■ **Provided material**
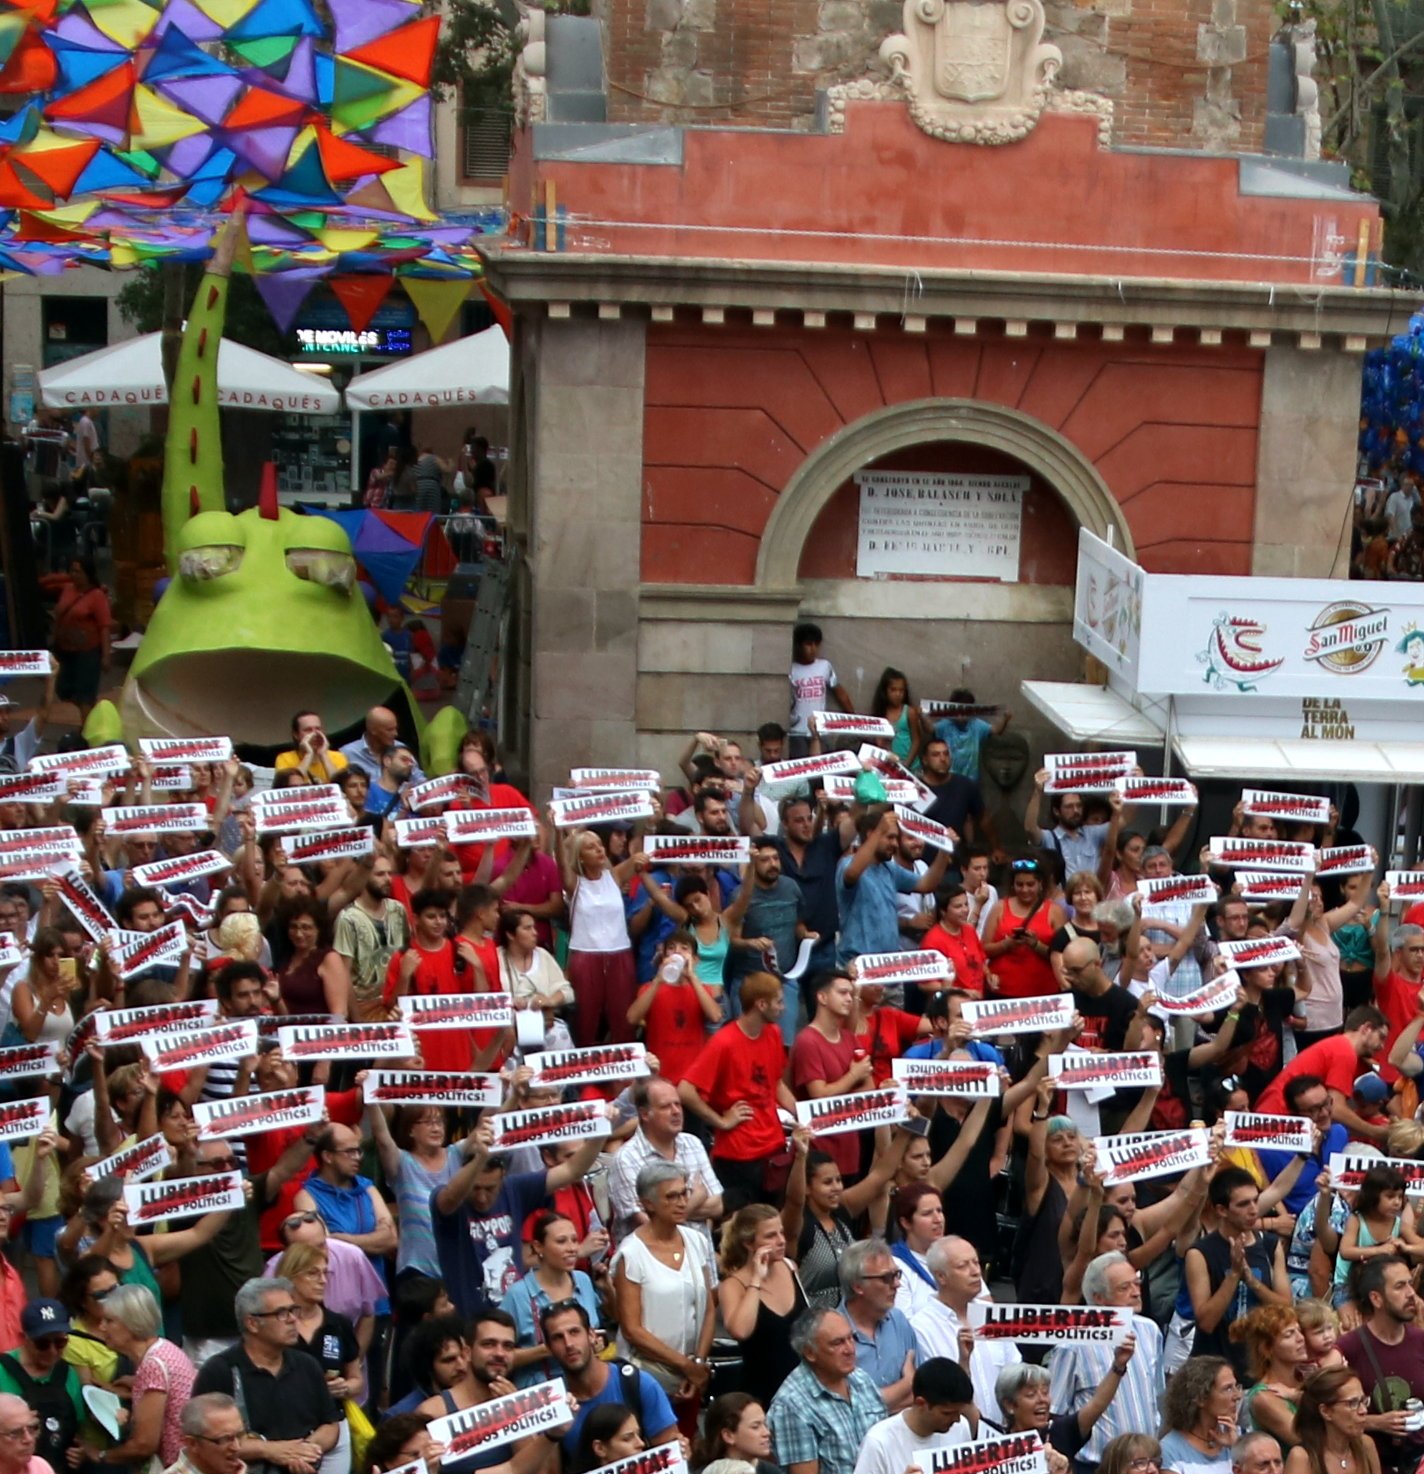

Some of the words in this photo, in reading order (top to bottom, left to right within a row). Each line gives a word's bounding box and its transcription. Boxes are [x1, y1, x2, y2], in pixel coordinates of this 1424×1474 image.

[65, 387, 163, 404] CADAQUÉ
[1304, 632, 1336, 655] San
[1338, 616, 1387, 643] Miguel
[1302, 697, 1320, 709] DE
[1324, 697, 1340, 709] LA
[1302, 710, 1348, 723] TERRA
[1301, 724, 1318, 739] AL
[984, 1305, 1111, 1327] LLIBERTAT
[445, 1388, 553, 1439] LLIBERTAT
[932, 1439, 1032, 1474] LLIBERTAT

■ **Task goal**
Copy the listing above in full and exactly, but omit each picture that it holds.

■ **Written solution**
Some of the words in this photo, in reading order (top to bottom, left to right within a row). Each line gives a word's bounding box and its transcription. Boxes are [x1, y1, x2, y2], in pixel coordinates of this 1424×1474 image.

[65, 387, 163, 404] CADAQUÉ
[1304, 632, 1336, 655] San
[1338, 616, 1387, 643] Miguel
[1302, 697, 1320, 709] DE
[1324, 697, 1340, 709] LA
[1302, 710, 1348, 723] TERRA
[1301, 724, 1318, 739] AL
[984, 1305, 1111, 1327] LLIBERTAT
[445, 1388, 553, 1439] LLIBERTAT
[932, 1439, 1032, 1474] LLIBERTAT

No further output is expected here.